_ABOUT THIS EXERCISE:_ Return all of the entries exactly, but do not include the pictures.
Start of RECORDS TO USE
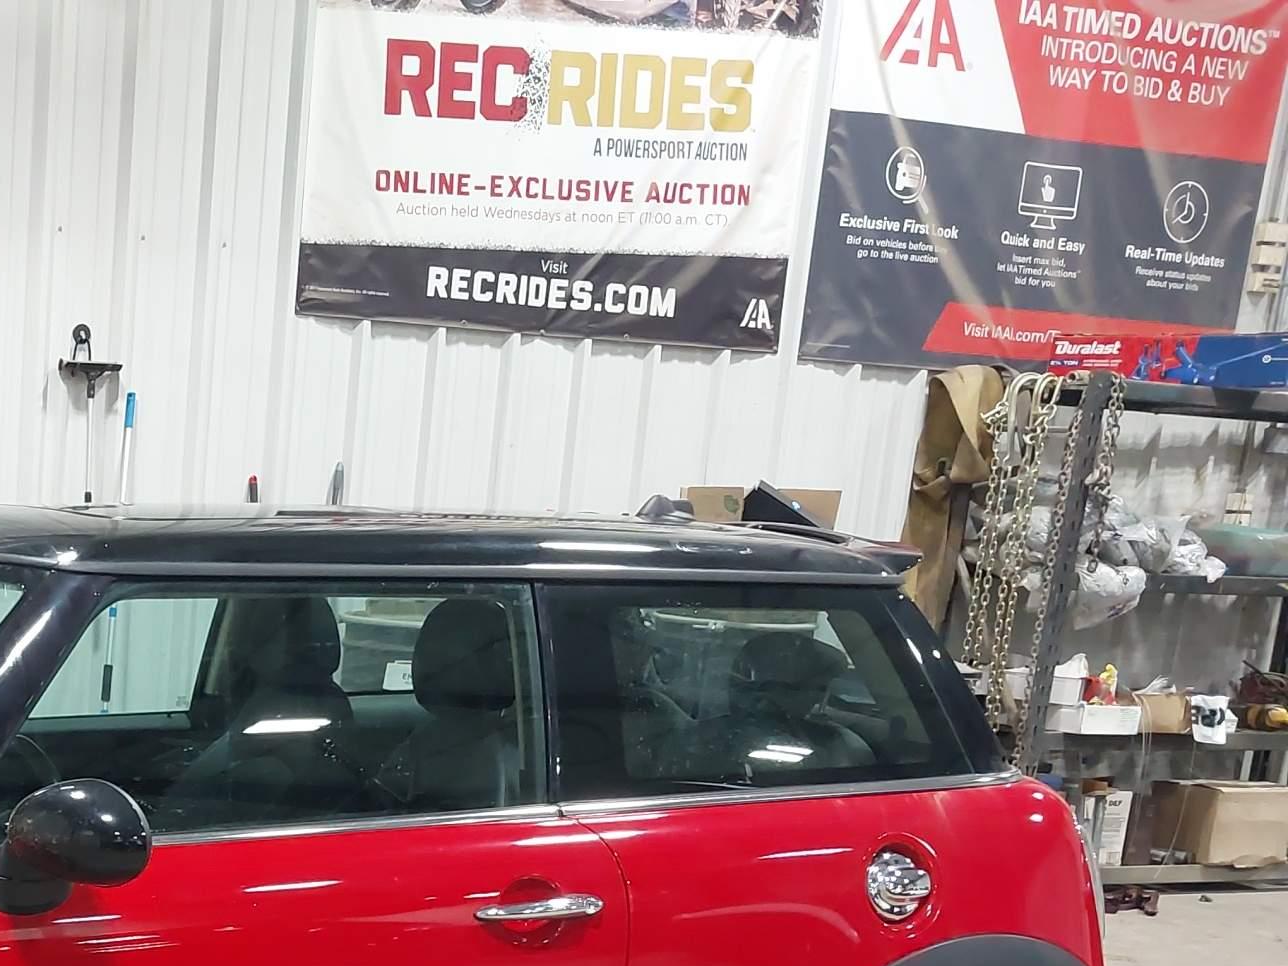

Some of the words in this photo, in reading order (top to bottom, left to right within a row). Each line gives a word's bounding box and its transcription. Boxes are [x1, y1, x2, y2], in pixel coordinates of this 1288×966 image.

[1019, 0, 1057, 30] IAA
[1063, 5, 1141, 40] TIMED
[1041, 34, 1176, 73] INTRODUCING
[1181, 53, 1195, 75] A
[1201, 55, 1249, 81] NEW
[384, 38, 531, 122] REC
[547, 49, 755, 132] RIDES
[1048, 64, 1096, 90] WAY
[1101, 70, 1128, 94] TO
[1133, 75, 1162, 99] BID
[1168, 79, 1182, 102] &
[1188, 82, 1231, 106] BUY
[593, 138, 602, 157] A
[607, 138, 694, 160] POWERSPORT
[694, 140, 748, 161] AUCTION
[375, 169, 634, 203] ONLINE-EXCLUSIVE
[645, 181, 750, 206] AUCTION
[396, 202, 447, 217] Auction
[451, 204, 479, 218] held
[484, 206, 561, 224] Wednesdays
[564, 211, 577, 223] at
[582, 213, 613, 224] noon
[618, 211, 634, 224] ET
[839, 213, 900, 232] Exclusive
[903, 219, 929, 235] First
[932, 224, 959, 239] Look
[846, 235, 861, 245] Bid
[863, 238, 874, 246] on
[876, 238, 907, 250] vehicles
[908, 241, 933, 252] before
[1000, 230, 1030, 247] Quick
[1032, 237, 1055, 250] and
[1057, 237, 1086, 255] Easy
[540, 259, 569, 274] Visit
[857, 249, 868, 259] go
[870, 249, 879, 258] to
[881, 249, 894, 260] the
[895, 251, 908, 261] live
[910, 253, 939, 264] auction
[1125, 244, 1182, 263] Real-Time
[1184, 251, 1225, 268] Updates
[426, 265, 676, 318] RECRIDES.COM
[1014, 276, 1027, 286] bid
[1028, 277, 1040, 287] for
[1040, 279, 1056, 288] you
[963, 321, 990, 338] Visit
[1055, 340, 1122, 355] Duralast
End of RECORDS TO USE
_FINISHED TASK:_
Some of the words in this photo, in reading order (top to bottom, left to right within a row). Each line gives a word's bounding box and its transcription. Boxes are [x1, y1, x2, y2], in pixel coordinates of this 1288×966 image.

[1019, 0, 1057, 30] IAA
[1063, 5, 1141, 40] TIMED
[1041, 34, 1176, 73] INTRODUCING
[1181, 53, 1195, 75] A
[1201, 55, 1249, 81] NEW
[384, 38, 531, 122] REC
[547, 49, 755, 132] RIDES
[1048, 64, 1096, 90] WAY
[1101, 70, 1128, 94] TO
[1133, 75, 1162, 99] BID
[1168, 79, 1182, 102] &
[1188, 82, 1231, 106] BUY
[593, 138, 602, 157] A
[607, 138, 694, 160] POWERSPORT
[694, 140, 748, 161] AUCTION
[375, 169, 634, 203] ONLINE-EXCLUSIVE
[645, 181, 750, 206] AUCTION
[396, 202, 447, 217] Auction
[451, 204, 479, 218] held
[484, 206, 561, 224] Wednesdays
[564, 211, 577, 223] at
[582, 213, 613, 224] noon
[618, 211, 634, 224] ET
[839, 213, 900, 232] Exclusive
[903, 219, 929, 235] First
[932, 224, 959, 239] Look
[846, 235, 861, 245] Bid
[863, 238, 874, 246] on
[876, 238, 907, 250] vehicles
[908, 241, 933, 252] before
[1000, 230, 1030, 247] Quick
[1032, 237, 1055, 250] and
[1057, 237, 1086, 255] Easy
[540, 259, 569, 274] Visit
[857, 249, 868, 259] go
[870, 249, 879, 258] to
[881, 249, 894, 260] the
[895, 251, 908, 261] live
[910, 253, 939, 264] auction
[1125, 244, 1182, 263] Real-Time
[1184, 251, 1225, 268] Updates
[426, 265, 676, 318] RECRIDES.COM
[1014, 276, 1027, 286] bid
[1028, 277, 1040, 287] for
[1040, 279, 1056, 288] you
[963, 321, 990, 338] Visit
[1055, 340, 1122, 355] Duralast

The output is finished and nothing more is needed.